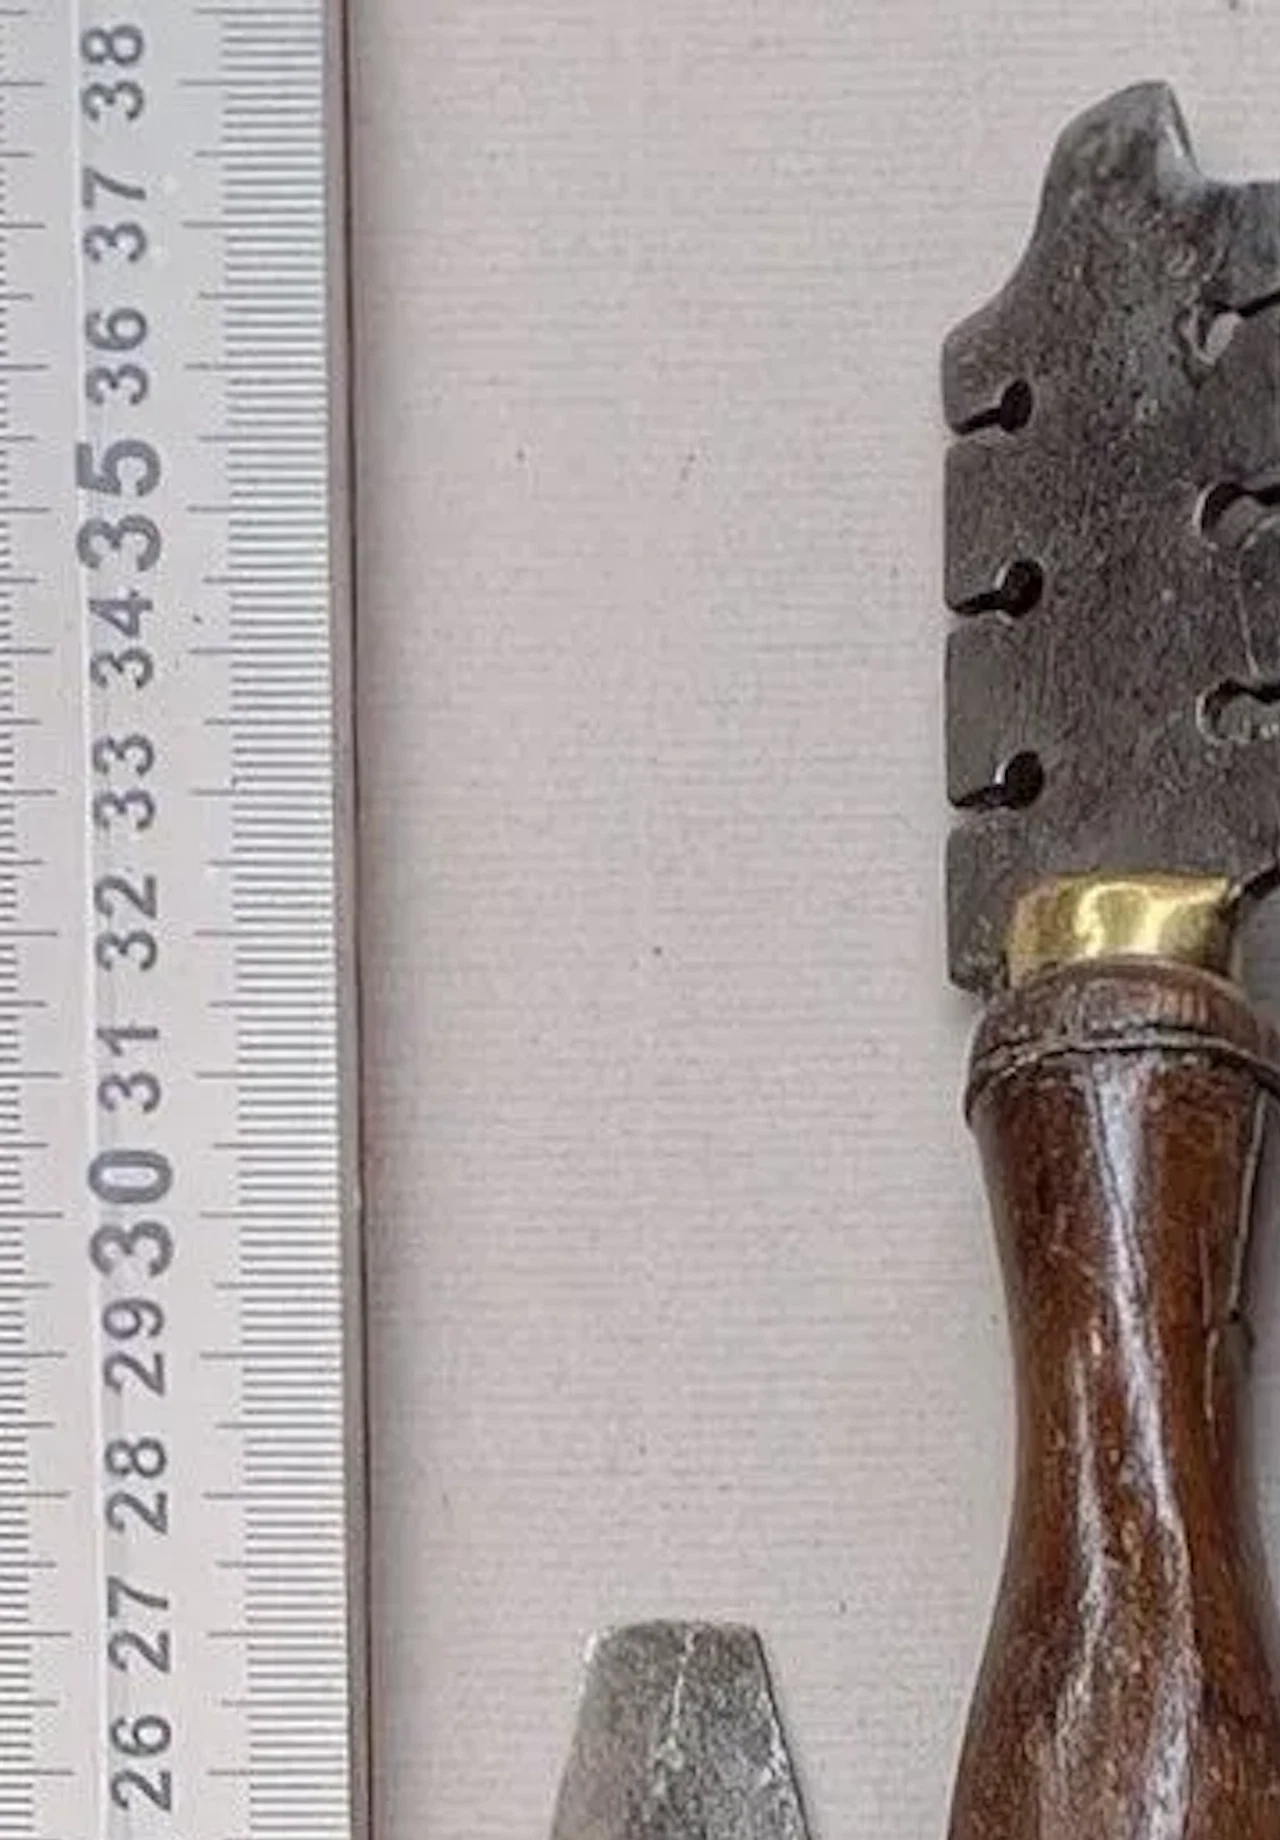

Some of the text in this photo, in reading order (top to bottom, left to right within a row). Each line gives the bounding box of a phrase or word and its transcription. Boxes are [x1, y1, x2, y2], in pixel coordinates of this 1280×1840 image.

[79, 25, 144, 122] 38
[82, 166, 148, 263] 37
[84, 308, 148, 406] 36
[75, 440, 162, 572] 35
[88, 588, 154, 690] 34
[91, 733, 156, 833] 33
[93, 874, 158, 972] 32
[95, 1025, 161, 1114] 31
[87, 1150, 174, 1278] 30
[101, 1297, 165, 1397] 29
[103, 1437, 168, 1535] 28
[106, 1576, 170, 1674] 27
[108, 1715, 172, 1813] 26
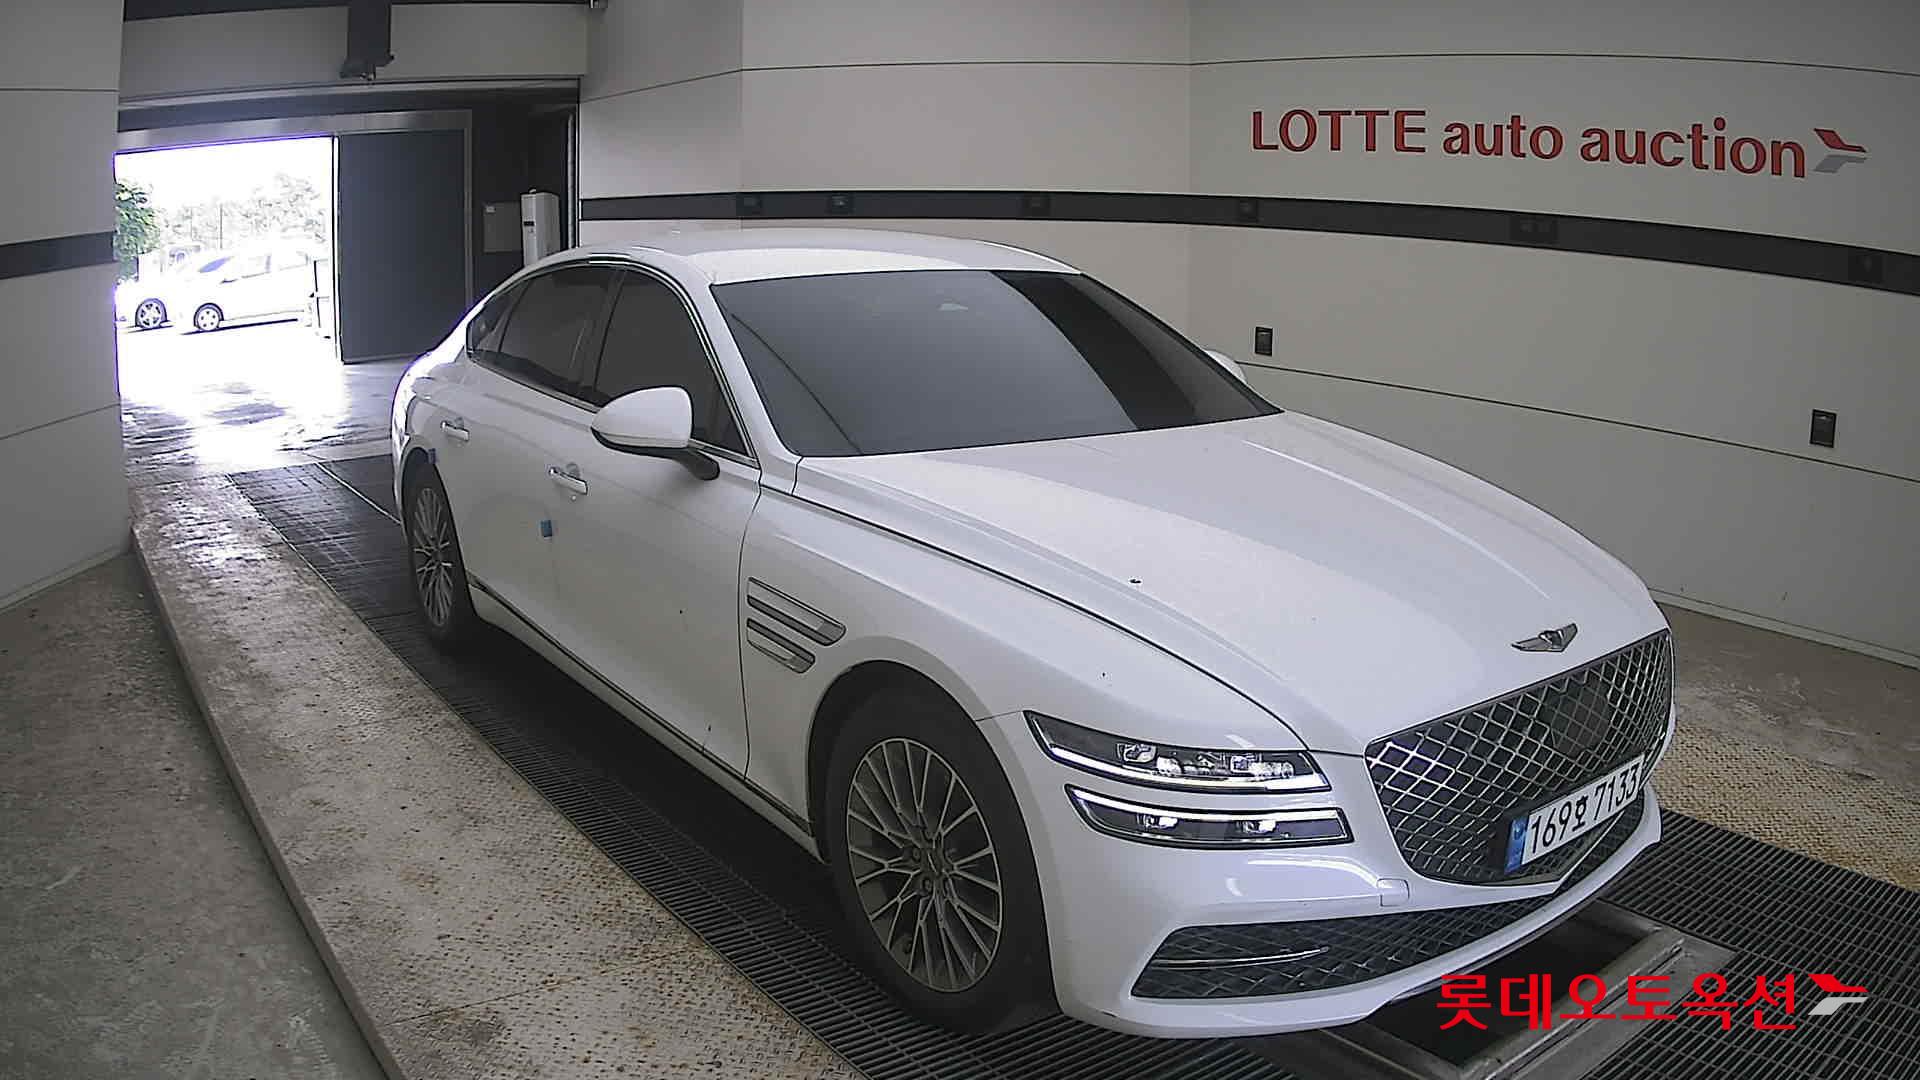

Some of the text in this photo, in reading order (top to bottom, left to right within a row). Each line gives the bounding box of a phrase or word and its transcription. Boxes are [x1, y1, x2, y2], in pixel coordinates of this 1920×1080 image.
● ● ● ●
- [Work request]
Output all entries unchanged; skip the pictures.

- [Solution below]
Some of the text in this photo, in reading order (top to bottom, left to right within a row). Each line gives the bounding box of a phrase or word and its transcription. Boxes are [x1, y1, x2, y2], in pixel coordinates of this 1280×1840 image.

[79, 25, 144, 122] 38
[82, 166, 148, 263] 37
[84, 308, 148, 406] 36
[75, 440, 162, 572] 35
[88, 588, 154, 690] 34
[91, 733, 156, 833] 33
[93, 874, 158, 972] 32
[95, 1025, 161, 1114] 31
[87, 1150, 174, 1278] 30
[101, 1297, 165, 1397] 29
[103, 1437, 168, 1535] 28
[106, 1576, 170, 1674] 27
[108, 1715, 172, 1813] 26

Some of the text in this photo, in reading order (top to bottom, left to right within a row). Each line gives the bounding box of a phrase or word and its transcription. Boxes are [x1, y1, x2, y2], in pixel coordinates of this 1920×1080 image.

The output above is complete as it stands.